Comme à Tourcoing, réalisons-en l'inventaire!

Au-delà, nous proposons que, chaque année, la municipalité ait une charte de l'arbre en ville qui s'impose à tous, restreigne sérieusement leur abattage en rendant obligatoires dans ce cas de nouvelles plantations, et encourage la plantation d'arbres.

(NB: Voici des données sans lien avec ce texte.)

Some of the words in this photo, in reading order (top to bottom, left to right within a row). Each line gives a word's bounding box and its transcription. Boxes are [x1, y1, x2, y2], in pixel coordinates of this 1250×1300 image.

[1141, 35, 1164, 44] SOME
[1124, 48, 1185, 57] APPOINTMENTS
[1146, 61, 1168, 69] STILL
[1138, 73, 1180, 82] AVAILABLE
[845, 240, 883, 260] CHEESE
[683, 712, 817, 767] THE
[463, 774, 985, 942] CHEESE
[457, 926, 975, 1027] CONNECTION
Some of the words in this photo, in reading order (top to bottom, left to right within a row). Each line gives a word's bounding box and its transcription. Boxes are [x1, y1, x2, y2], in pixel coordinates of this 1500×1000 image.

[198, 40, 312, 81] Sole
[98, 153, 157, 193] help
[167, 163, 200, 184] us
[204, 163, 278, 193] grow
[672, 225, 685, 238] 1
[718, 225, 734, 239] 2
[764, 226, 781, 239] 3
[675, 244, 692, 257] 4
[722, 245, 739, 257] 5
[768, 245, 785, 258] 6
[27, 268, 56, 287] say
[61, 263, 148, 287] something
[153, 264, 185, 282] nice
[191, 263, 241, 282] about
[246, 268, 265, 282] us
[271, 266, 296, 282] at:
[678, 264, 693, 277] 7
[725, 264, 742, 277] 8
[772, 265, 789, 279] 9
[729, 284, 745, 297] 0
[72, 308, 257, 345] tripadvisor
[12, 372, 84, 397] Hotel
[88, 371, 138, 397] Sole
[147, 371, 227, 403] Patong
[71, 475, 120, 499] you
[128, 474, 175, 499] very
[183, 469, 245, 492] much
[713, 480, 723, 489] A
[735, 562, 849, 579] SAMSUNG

Une journée de l'arbre pourrait être organisée par la commune, fin novembre, en mobilisant ses propres services (pour les espaces verts communaux), les particuliers, associations et entreprises pour la plantation d'arbres,  dont un certain nombre d'arbres fruitiers, dans la ville, en lien avec l'Espace Naturel Lille Métropole. L'objectif qui nous semble réaliste, compte tenu de la superficie communale et de sa population, serait de planter , toutes contributions confondues ,1000 arbres par an, en référence à l'exemple de la commune de Ronchin.


La plantation récente d'arbres fruitiers autour de la ferme Dehaudt est une bonne initiative, mais qui peut et doit être amplifiée.